On weighted random numbers
To help with understanding, let's first look at a comparison of the three types of randomized problems:
1. There are n records, from which m records are selected, and the order of the selected records does not matter.
Idea: Iterate through all the records by rows, and take one data about n/m apart.
2. In the case of class 1, it is also required that the m records selected are randomly ordered
Idea for implementation: Given n records, respectively, add a column of markers, the value of a randomly selected between 1 and n non-repeating data.
3. In contrast to questions 1 and 2, if the records are weighted, how to combine the weights to randomly select them. For example, if the weight of A is 10, the weight of B is 5, and the weight of C is 1, then AABB should probably appear when 4 are randomly selected.
The third category of questions is the focus of this paper.

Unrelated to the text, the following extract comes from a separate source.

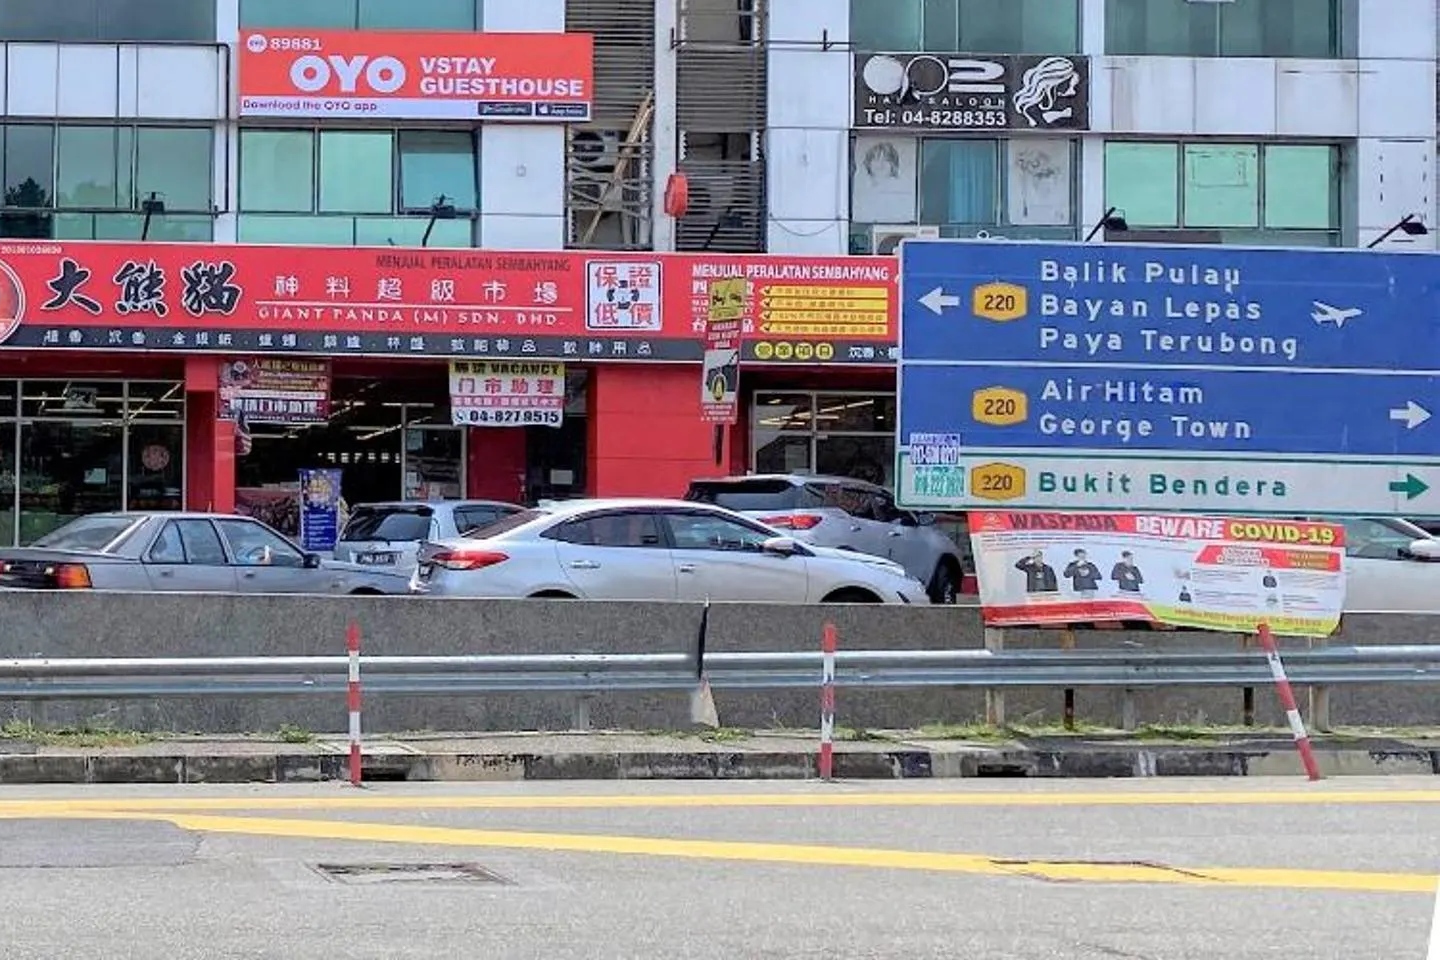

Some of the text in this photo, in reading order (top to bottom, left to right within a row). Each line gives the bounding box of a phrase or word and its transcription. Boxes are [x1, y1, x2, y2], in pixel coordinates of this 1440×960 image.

Ideas for implementation: A:10, B:5, C:1 three records on the random selection of four, for example, (whether or not to weight sorting this does not matter)
with regards to
A 10
B 5
C 1
First, assign the value of line n to line n plus line n-1, and execute recursively as follows:
A 10
B 15
C 16
Then one number at a time is randomly selected from [1,16], A is selected if it falls between [1,10], B is selected if it falls between (10,15], and C is selected if it falls between (16,16]. The graphs are as follows, and whoever occupies a large interval (with a high weight) has a higher probability of being selected.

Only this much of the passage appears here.